Mi costi un occhio della testa
[1]L'esclusivo ristorantino multietnico, inaugurato dopo la legalizzazione del mercato degli organi, propone il seguente menù:
- Antipasto di fegatelli di veneziano,
- Testicoli di congolese saltati in padella,
- Rognoni di nepalese in salsa agrodolce con contorno di occhi colombiani,
- Cervella fritte di cinese [2].
Il ristoratore garantisce la qualità e la freschezza dei piatti proposti, assicurando che tutti gli organi vitali sono stati acquistati post-mortem mentre quelli non vitali (occhi, reni, testicoli) reperiti con regolare contratto di compravendita.
Mentre Hannibal Lechter si lecca i baffi, i molti, in preda a conati di vomito, si dirigono indignati verso la pizzeria più vicina.

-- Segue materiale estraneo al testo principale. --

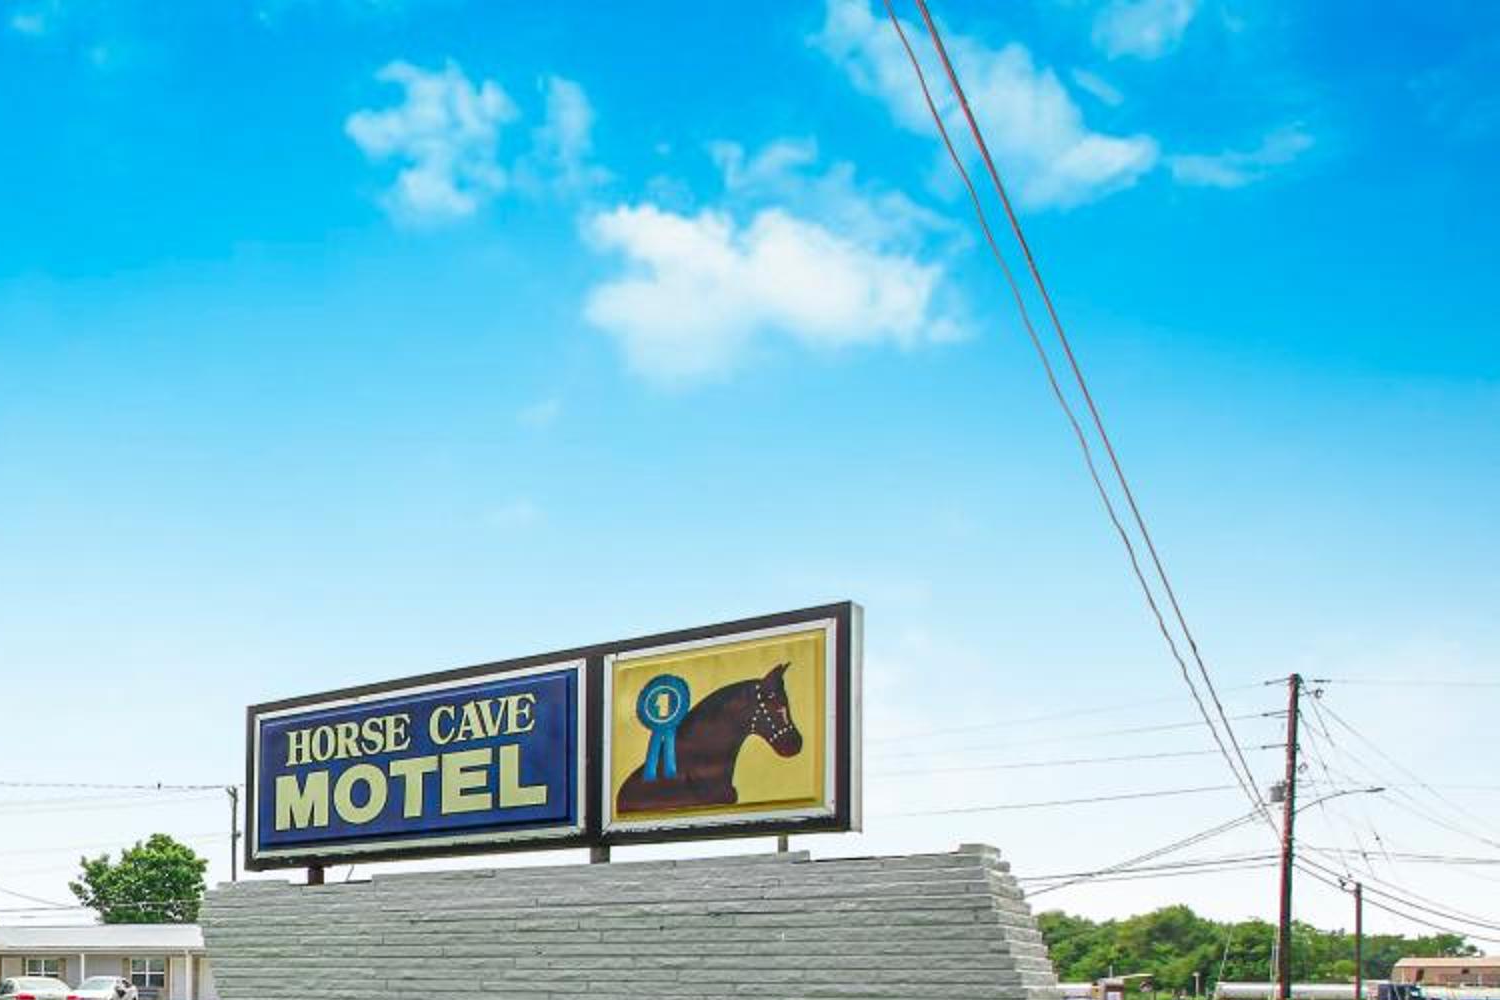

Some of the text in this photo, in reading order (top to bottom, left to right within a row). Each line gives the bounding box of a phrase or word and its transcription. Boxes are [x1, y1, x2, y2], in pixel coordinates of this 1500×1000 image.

[285, 693, 536, 767] HORSE CAVE
[655, 693, 670, 717] 1
[275, 743, 548, 831] MOTEL
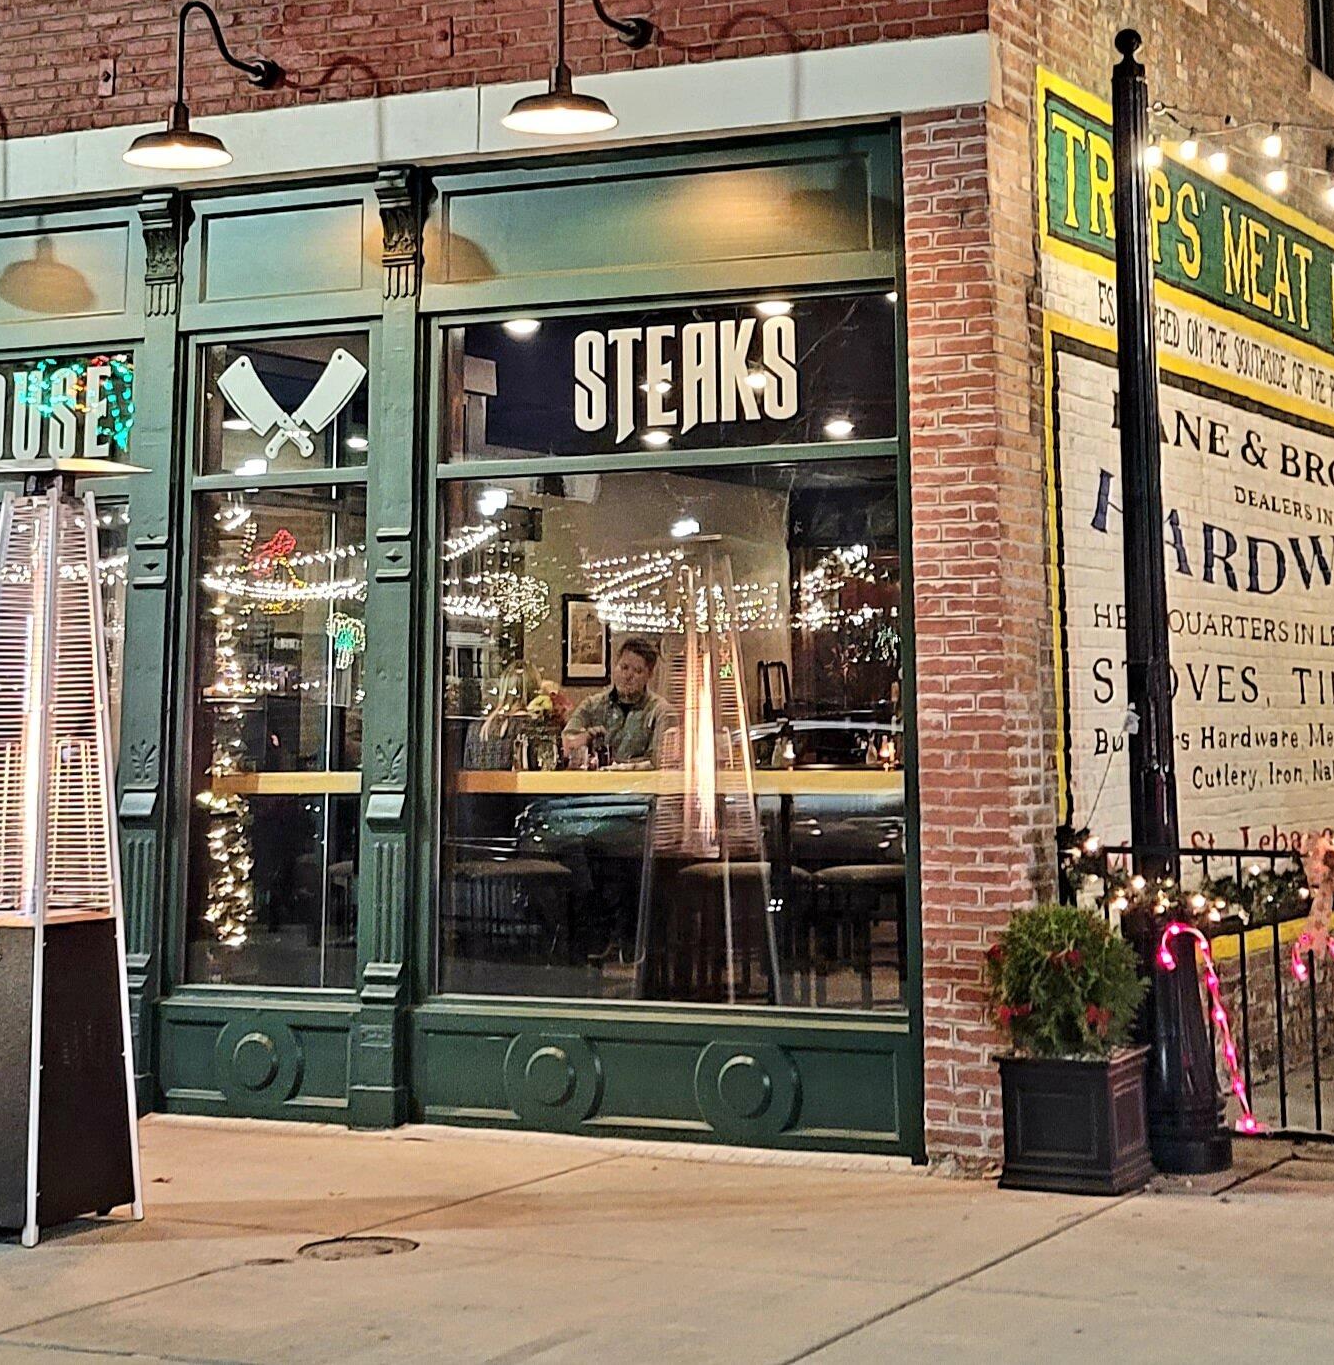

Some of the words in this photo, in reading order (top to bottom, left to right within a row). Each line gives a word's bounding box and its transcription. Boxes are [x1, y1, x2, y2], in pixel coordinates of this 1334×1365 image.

[1051, 111, 1207, 280] TRPS'
[1222, 205, 1313, 331] MEAT
[574, 315, 799, 445] STEAKS
[1187, 317, 1204, 359] ON
[1208, 325, 1229, 369] THE
[1234, 335, 1288, 390] SOUTHSIDE
[1292, 361, 1304, 396] OF
[1309, 367, 1326, 404] THE
[1240, 429, 1269, 470] &
[1234, 485, 1313, 521] DEALERS
[1317, 507, 1334, 527] IN
[1093, 603, 1289, 643] HEQUARTERS
[1295, 622, 1314, 646] IN
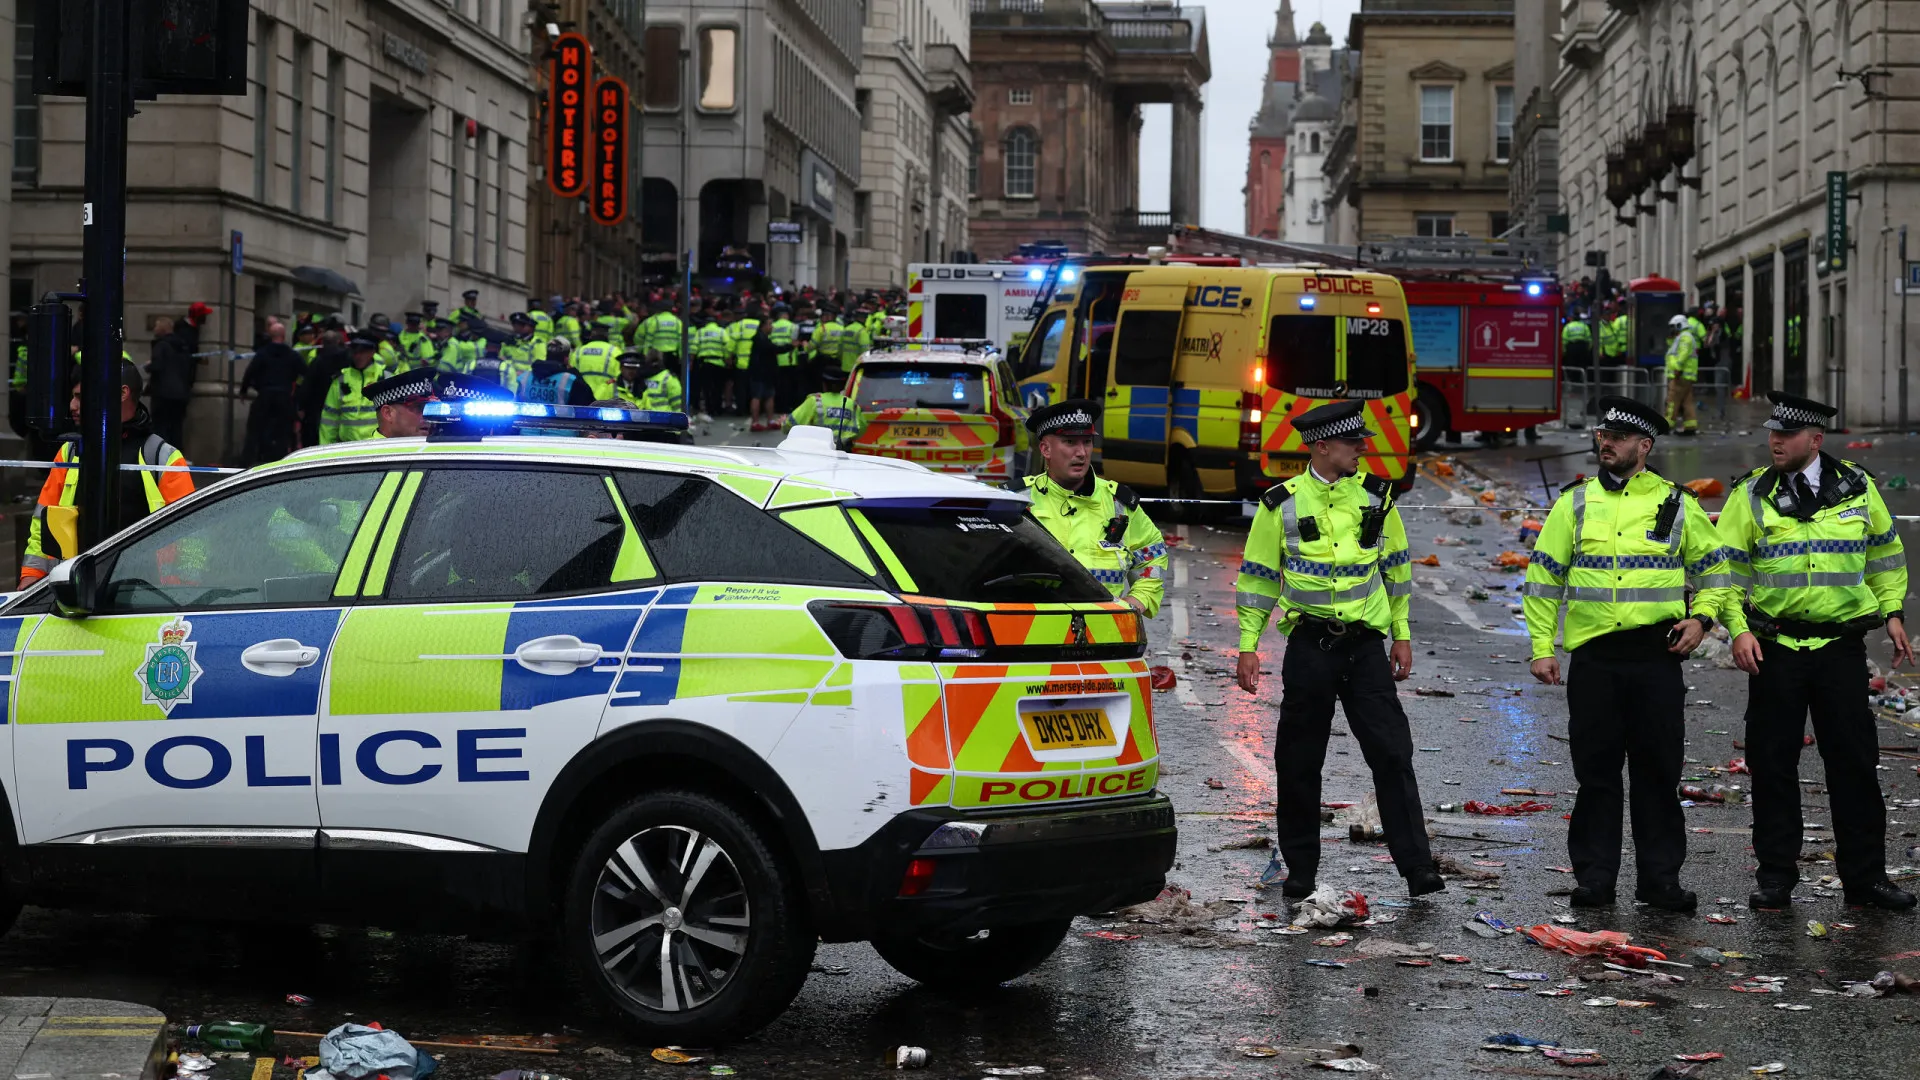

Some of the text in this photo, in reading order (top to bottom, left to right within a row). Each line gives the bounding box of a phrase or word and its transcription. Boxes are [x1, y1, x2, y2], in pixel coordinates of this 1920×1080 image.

[561, 47, 579, 188] HOOTERS
[602, 89, 618, 217] HOOTERS
[1833, 175, 1843, 256] MERSEYRAIL
[1303, 278, 1374, 295] POLICE
[1191, 285, 1243, 308] ICE
[1005, 305, 1015, 315] St
[1346, 317, 1389, 336] MP28
[1296, 387, 1333, 398] MATRIX
[1347, 387, 1384, 398] MATRIX
[893, 426, 921, 436] KX24
[724, 586, 756, 594] Report
[154, 686, 181, 698] POLICE
[1026, 680, 1125, 695] www.merseyside.police.uk
[1033, 712, 1107, 743] DK19 DHX
[66, 728, 530, 790] POLICE
[979, 769, 1146, 802] POLICE
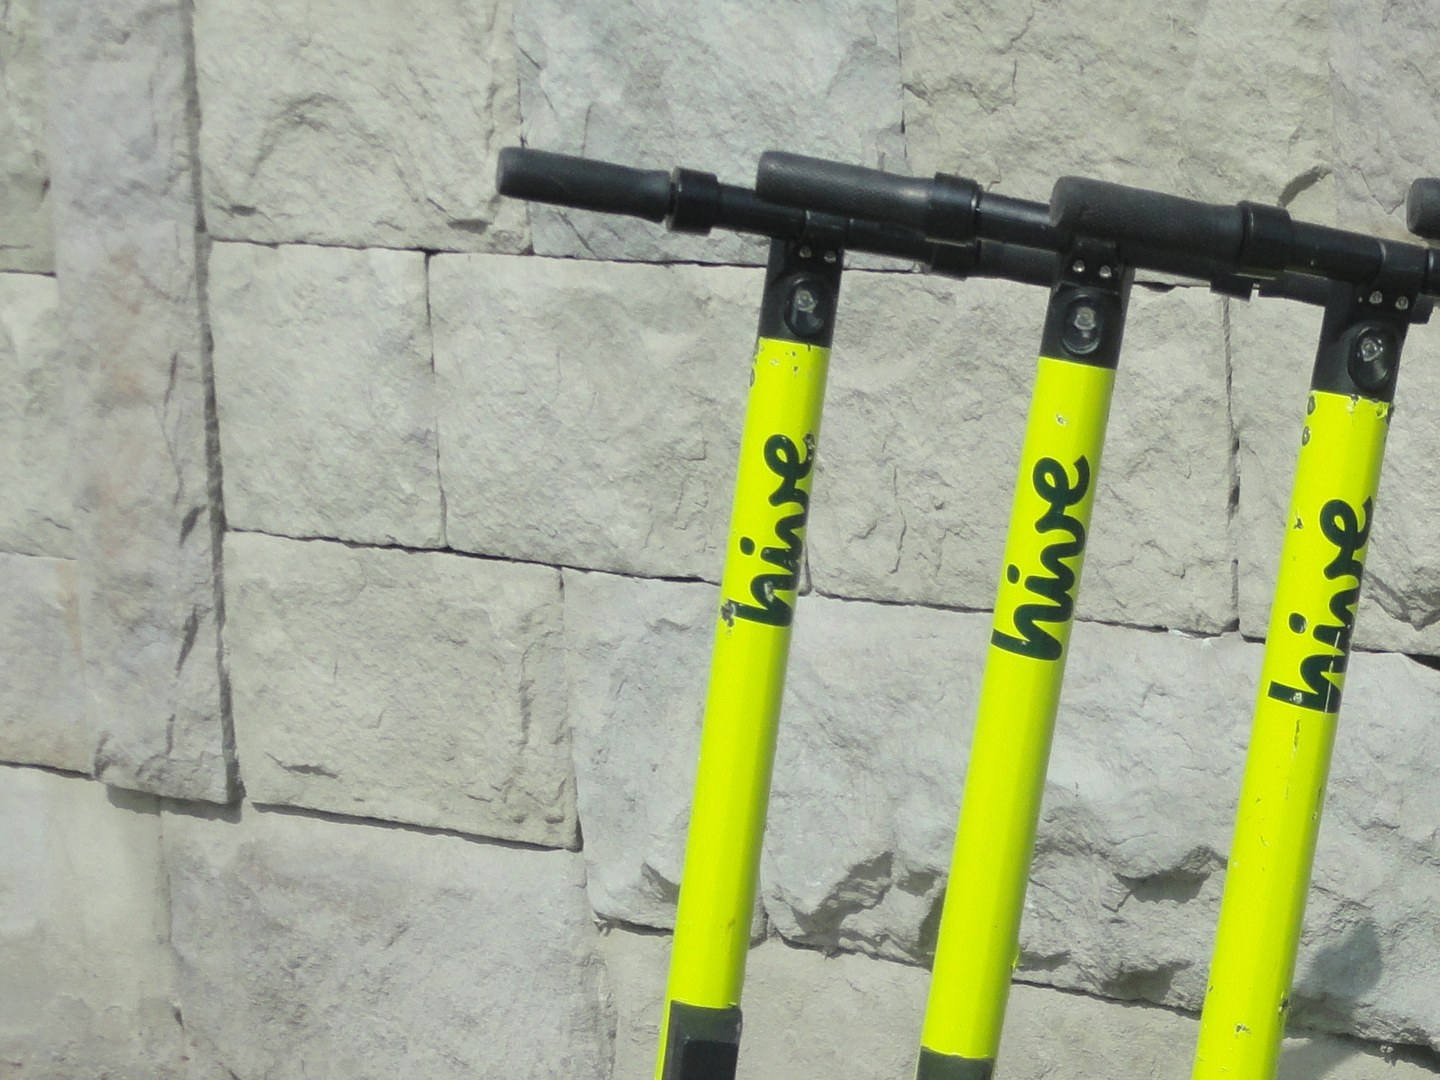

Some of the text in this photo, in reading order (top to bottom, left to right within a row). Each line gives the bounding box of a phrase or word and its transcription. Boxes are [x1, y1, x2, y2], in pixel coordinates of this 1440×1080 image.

[736, 433, 812, 627] hive
[991, 456, 1090, 660] hive
[1268, 496, 1373, 714] hive

Libero da sentimenti paternalistici, l'economista ad hoc si astiene da giudizi moralistici e ipocriti sui i gusti e le preferenze della gente, non si pronuncia su cosa sia gusto o sbagliato, non punta il dito contro il perseguitato di turno (oggi i cannibali, domani necrofili e zoofili). L'economista ad hoc, per massimizzare l'utilità derivante dal pasto, si limiterebbe a consigliare di accompagnare le portate con un bel bicchiere di sangue di vergine. Vatti a fidare, coi tempi che corrono.
Perchè impedire alle persone bisognose di un organo di acquistarlo sul mercato? Ma ugualmente, perchè vietare ai cannibali di comprarsi un po' di carne umana da un venditore consenziente? D'altronde, in condizioni di libero e completamente informato scambio, avremmo una persona soddisfatta (l'acquirente), una persona più ricca (il venditore) e, magari, un ristoratore che ha trovato lavoro (l'intermediario).
Come per molti mercati neri e attività illegali, le argomentazioni a sostegno della legalizzazione si possono raggruppare in due categorie.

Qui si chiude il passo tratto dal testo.